3D プリンタ…3Dデータを元に、立体を造形する機械
3Dスキャナ…現実に存在する立体を3Dデータとして取り込む機械
レーザーカッター…レーザービームであらゆる素材に彫刻・切断・マーキングする機械
UVプリンタ…本稿で解説

これまでものづくりには参入できなかったデザイナー、クリエイター、ソフトウェアエンジニア、あるいはそのどれにも当てはまらない普通の個人が、簡単に自分の作品を制作することができるようになると言われています。

UVプリンタはデジタルファブリケータの中でも、必要知識が少なく、使いやすいものです。例えば3Dプリンタならば、3Dスキャナか専用のソフトで3Dデータを作らなくてはなりません。更に、印刷には早くて数時間と非常に長い時間がかかります。仕事で忙しい人が、休日にサクッと3Dプリンタを使うというのはなかなかハードルが高いですよね。しかし、UVプリンタは2次元データを用意すればいいだけなので、子供の書いた落書きをスマホで撮ったデータなどでも取り込んで印刷が可能です。印刷の時間はA3サイズで6~7分。パーソナルファブリケーションを最も手軽に実践できる機械がUVプリンタなのです。

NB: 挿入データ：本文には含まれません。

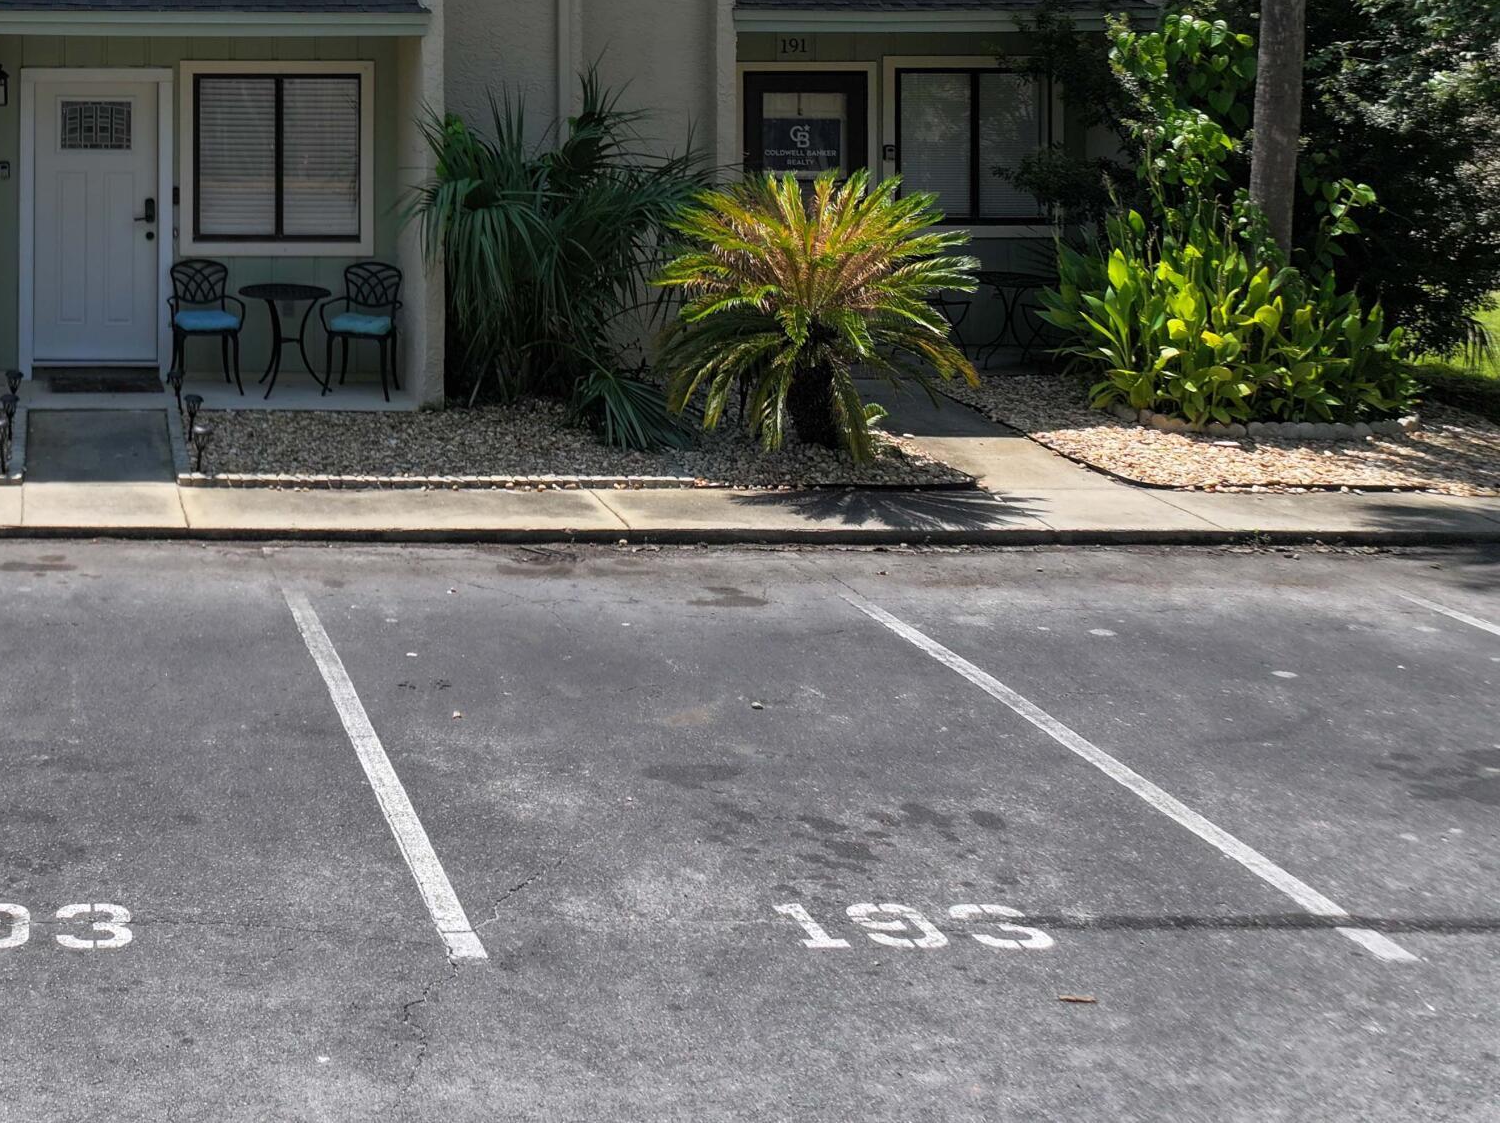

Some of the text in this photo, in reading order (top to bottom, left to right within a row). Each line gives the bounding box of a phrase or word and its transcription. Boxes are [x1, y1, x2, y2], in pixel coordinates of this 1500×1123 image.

最近では、デジタルファブリケータが設置され誰でも利用できる「Makers スペース」「FabLab」と呼ばれる施設が世界的に広がり始めています。このようなスペースにはUVプリンタを設置しているところも多くあります。そこに印刷したいメディアとデータさえ持って行けば、あなたも明日から自分だけのオリジナルグッズを作ることができます!

このように、UVプリンタは個人のアイデアを形にするための頼もしい味方となってくれるのです。

まとめ

いかがでしたか?UVプリンタとは何か、どこがすごいのか、お分かりいただけたでしょうか。皆さんもご興味があればぜひお近くのFabLabでUVプリンタに触れてみてください。自分でものを作るのって、結構楽しいですよ!